The madness of the age — making human relations explicit — continues in the form of XFN’s relationship profiles. Here, as a sample, is the entire range of possible romantic categories:

- muse - Someone who brings you inspiration. No inverse.
- crush - Someone you have a crush on. No inverse.
- date - Someone you are dating. Symmetric. Not transitive.
- sweetheart - Someone with whom you are intimate and at least somewhat committed, typically exclusively. Symmetric. Not transitive.

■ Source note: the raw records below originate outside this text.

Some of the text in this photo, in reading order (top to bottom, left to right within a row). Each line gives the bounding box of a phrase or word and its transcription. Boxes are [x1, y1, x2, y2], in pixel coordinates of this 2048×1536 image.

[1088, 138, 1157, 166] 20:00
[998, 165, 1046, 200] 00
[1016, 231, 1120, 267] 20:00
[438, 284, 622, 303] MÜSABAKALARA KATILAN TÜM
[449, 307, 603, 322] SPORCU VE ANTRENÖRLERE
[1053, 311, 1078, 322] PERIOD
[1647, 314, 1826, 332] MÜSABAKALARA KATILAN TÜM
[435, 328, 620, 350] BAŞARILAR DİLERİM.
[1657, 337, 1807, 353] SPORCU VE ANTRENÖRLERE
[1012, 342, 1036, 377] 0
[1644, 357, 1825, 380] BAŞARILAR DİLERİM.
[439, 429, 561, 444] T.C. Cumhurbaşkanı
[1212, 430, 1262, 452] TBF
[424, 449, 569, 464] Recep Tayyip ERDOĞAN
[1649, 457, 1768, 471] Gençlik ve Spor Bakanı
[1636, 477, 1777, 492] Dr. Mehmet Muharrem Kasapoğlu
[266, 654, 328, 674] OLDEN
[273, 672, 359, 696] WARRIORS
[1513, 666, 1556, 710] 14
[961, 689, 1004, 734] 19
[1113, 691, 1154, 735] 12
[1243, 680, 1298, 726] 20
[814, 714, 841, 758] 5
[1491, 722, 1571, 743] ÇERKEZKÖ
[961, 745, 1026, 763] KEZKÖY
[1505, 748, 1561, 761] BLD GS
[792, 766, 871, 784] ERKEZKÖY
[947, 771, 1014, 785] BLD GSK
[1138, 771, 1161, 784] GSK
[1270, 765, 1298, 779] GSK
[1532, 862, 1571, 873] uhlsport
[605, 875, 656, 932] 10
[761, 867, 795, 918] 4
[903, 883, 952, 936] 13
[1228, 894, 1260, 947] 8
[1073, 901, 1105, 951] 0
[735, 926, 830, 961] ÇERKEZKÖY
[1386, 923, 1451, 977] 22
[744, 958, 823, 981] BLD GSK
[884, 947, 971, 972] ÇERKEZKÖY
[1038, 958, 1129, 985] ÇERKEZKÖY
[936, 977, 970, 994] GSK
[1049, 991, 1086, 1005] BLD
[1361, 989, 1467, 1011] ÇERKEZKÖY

Muse, crush, date, sweetheart. The whole of romantic or sexual feeling in not just four words but those four?

The odd thing about about efforts like this is not merely the lack of completeness. Attempting to get to completeness would be admitting defeat, since the goal is simplification. The odd thing is that even the few proposals there are are obviously wrong.

“Date” is not the word for someone you are dating, and everyone knows it except the authors of this list. You can be my date to the prom without it ever being an ongoing thing; meanwhile, someone you are dating is never referred to as your date, but as your boyfriend of girlfriend. Ditto ‘sweetheart’, where the assumption is definite on intimacy and lukewarm on committment, when usage would indicate the opposite balance. And so on.

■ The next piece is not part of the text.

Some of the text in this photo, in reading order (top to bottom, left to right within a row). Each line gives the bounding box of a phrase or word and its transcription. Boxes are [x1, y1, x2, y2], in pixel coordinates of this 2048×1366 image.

The best part, though, is the rationale:

There were a whole pile of love, romance, and sexually oriented terms we considered and discarded. Some were rejected on the grounds they were unnecessary—for example, polyamorous individuals can indicate their other partners using values already defined (having two links marked sweetheart or spouse, for example). Others were left out because they did not fit with the desire to keep XFN simple. The current set seems to us to accurately capture a sufficiently detailed range of romantic feelings without becoming overwhelming.

You really can’t make this stuff up. “We left a bunch of stuff out because when you try to model all the ways people really talk about attraction and intimacy and attachment, it just seems messy.” The thought that maybe the domain they are trying to model is messy seems never to have crossed their minds.

And:

A special note is merited for the omission of a term to describe a person to whom one is engaged. The terms “fiancé” and “fianceé” are gender-specific, which was a problem. We also decided that describing engagement should be left out since it is intended as a transitional state of affairs, as a prelude to marriage (and thus the value spouse, which is a less intentionally temporary relationship).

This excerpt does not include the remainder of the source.